Tommaso Crepax
Sant’Anna School of Advanced Studies, Pisa, Italy
E-mail: tommaso.crepax@santannapisa.it
Twitter: twitter.com/tcrepax
LinkedIn: linkedin.com/in/tommaso-crepax/
Short Bio
Tommaso is an Early-Stage Researcher at Scuola Superiore Sant’Anna and a Ph.D student of the National Doctorate in Artificial Intelligence. His background in regulation of and by technology finds its academic roots at the Tilburg Institute for Law and Technology, where he graduated cum laude as Master’s student, and in which he subsequently worked as lecturer and program coordinator. Before joining Liderlab, he was associate researcher at the KU Leuven Center of IP and IT law in the “privacy engineering” cluster. His areas of expertise encompass privacy, cyber-security and data protection of information systems, which he both studied in theory as well as applied in practice in EU funded Horizon 2020 projects. In his research, he loves to work side-by-side with data scientists, computer scientists and information engineers, whom in the years granted him the title of “legal engineer”.
Research project
Project Title: Unchaining data portability potentials in a lawful digital economy
Objectives: In Graef’s words, “to study how to apply or develop the law, legal scholars need to make themselves acquainted with industry initiatives as well as the way products and services work from a more technical perspective. A reality-check with the ‘law in practice’ as well as with insights from other disciplines is necessary to make a proper analysis”. In my project, I will be taking Graef’s advice quite literally and delve into the elicitation and documentation of privacy requirements for the design of data portability tools and information systems.
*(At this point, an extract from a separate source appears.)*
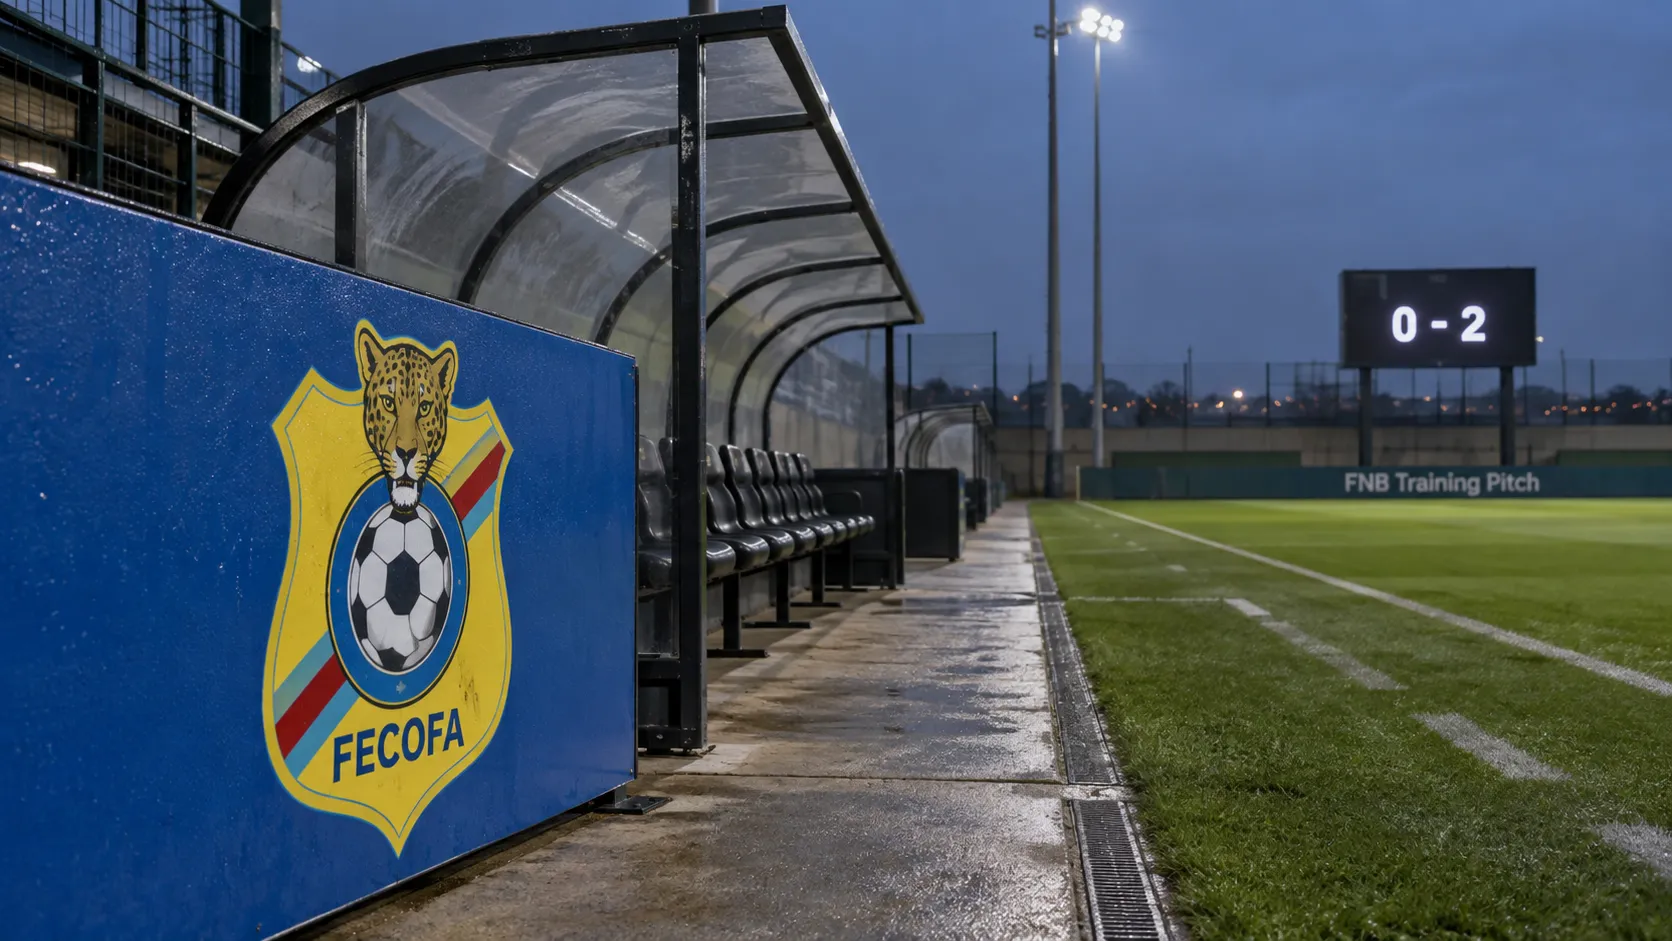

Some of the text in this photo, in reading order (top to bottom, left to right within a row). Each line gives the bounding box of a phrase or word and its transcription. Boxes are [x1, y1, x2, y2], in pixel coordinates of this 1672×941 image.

[1392, 305, 1486, 342] 0 - 2
[1344, 472, 1540, 496] FNB Training Pitch
[333, 708, 464, 783] FECOFA
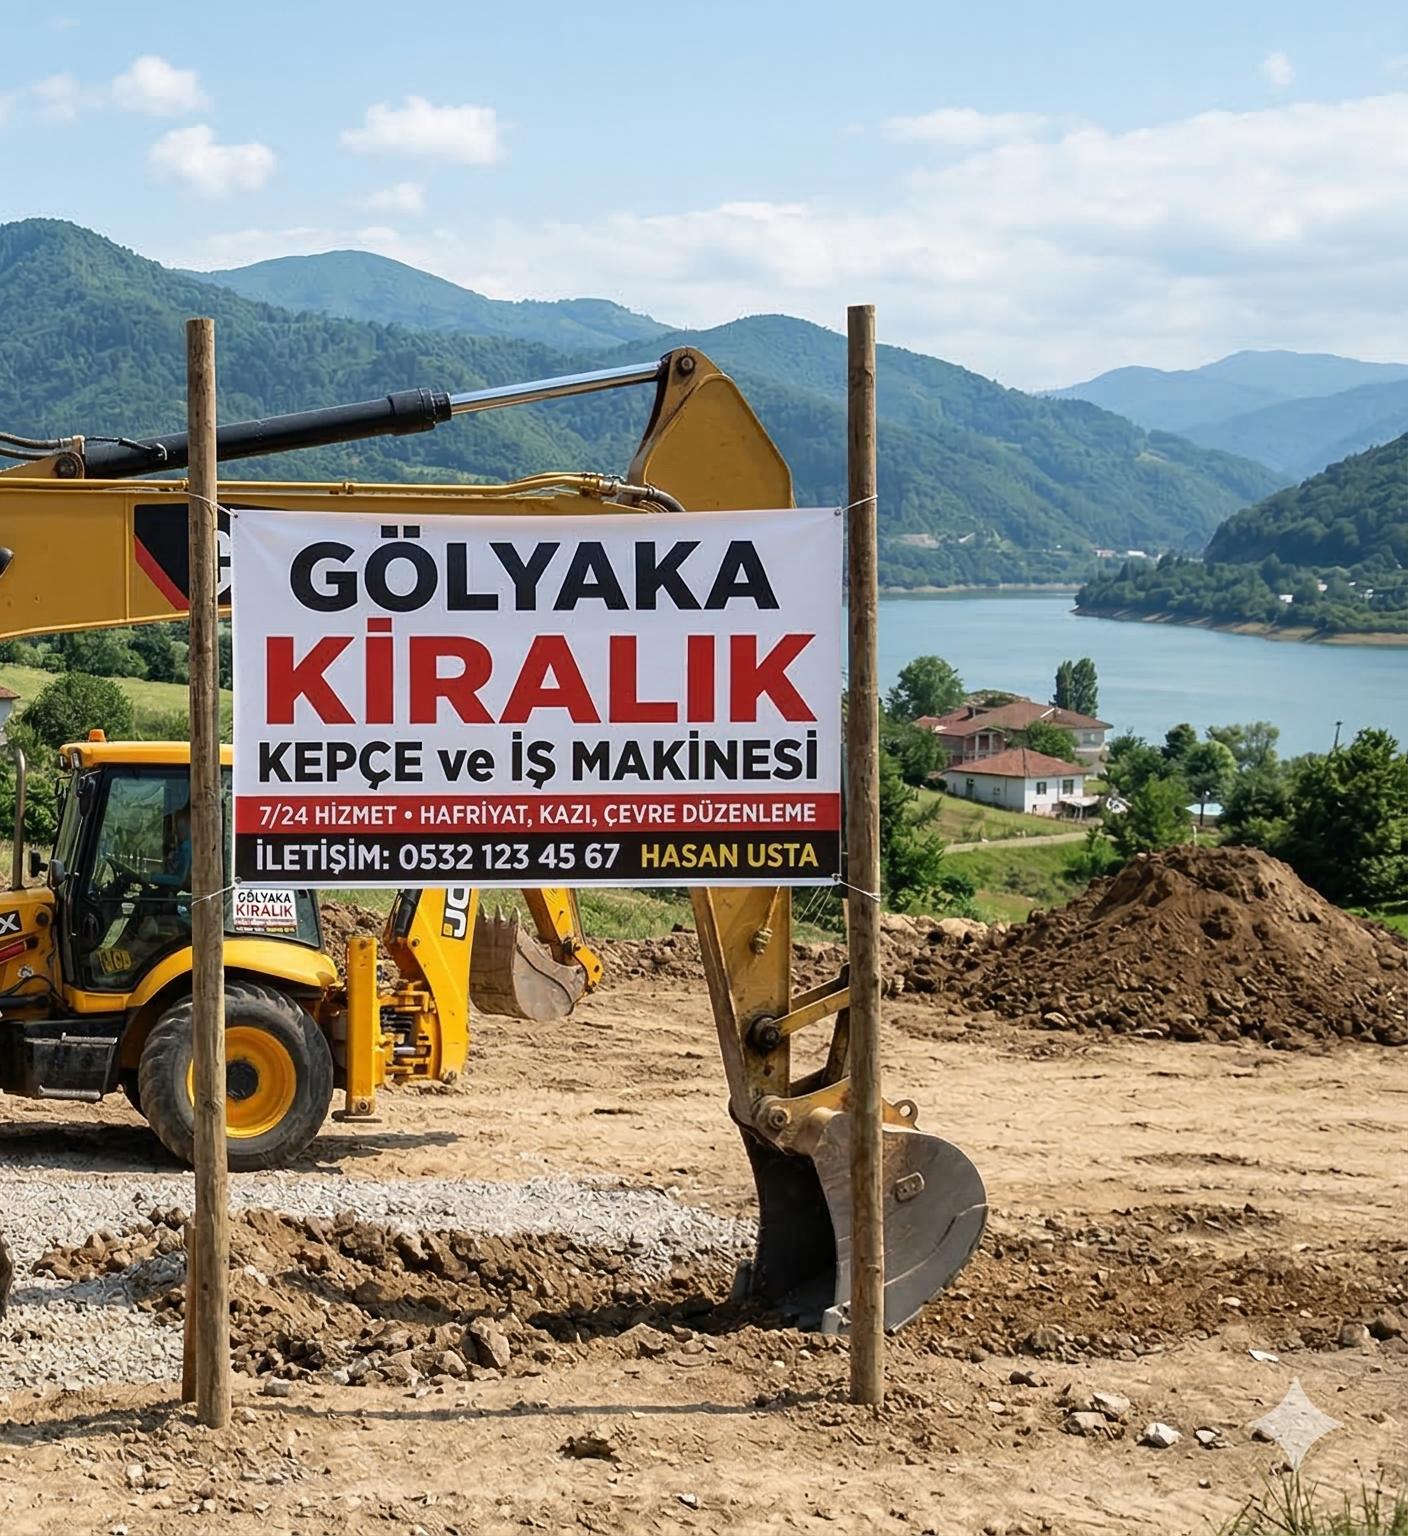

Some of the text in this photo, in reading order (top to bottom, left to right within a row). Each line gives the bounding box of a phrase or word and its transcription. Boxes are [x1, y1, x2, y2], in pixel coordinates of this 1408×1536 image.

In this context, this research has the following objectives:
(1) to systematize and synthesize existing legal and technical knowledge on data portability (both EU and US); to understand the potential of data portability in the context of the digital economy; (2) to analyze the historical reasons for data portability’s existence today; (3) to individuate venues for unchaining known and hidden potentials of data portability:
(a) law (GDPR, DGA, DSA, DMA, EHDS; ePrivacy Regulation, AI Act); (b) technology (models for information sharing, e.g., PIMS; data spaces, e.g. GAIA-X and similar); (c) market (competition, innovation); (d) ethics and society (personal data control, informational self-determination, trust in intermediaries, “data altruism”); (4) to elicit and document the privacy requirements for the design of tools for data portability; (5) to embed data portability privacy requirements into existing projects (Data Transfer Project).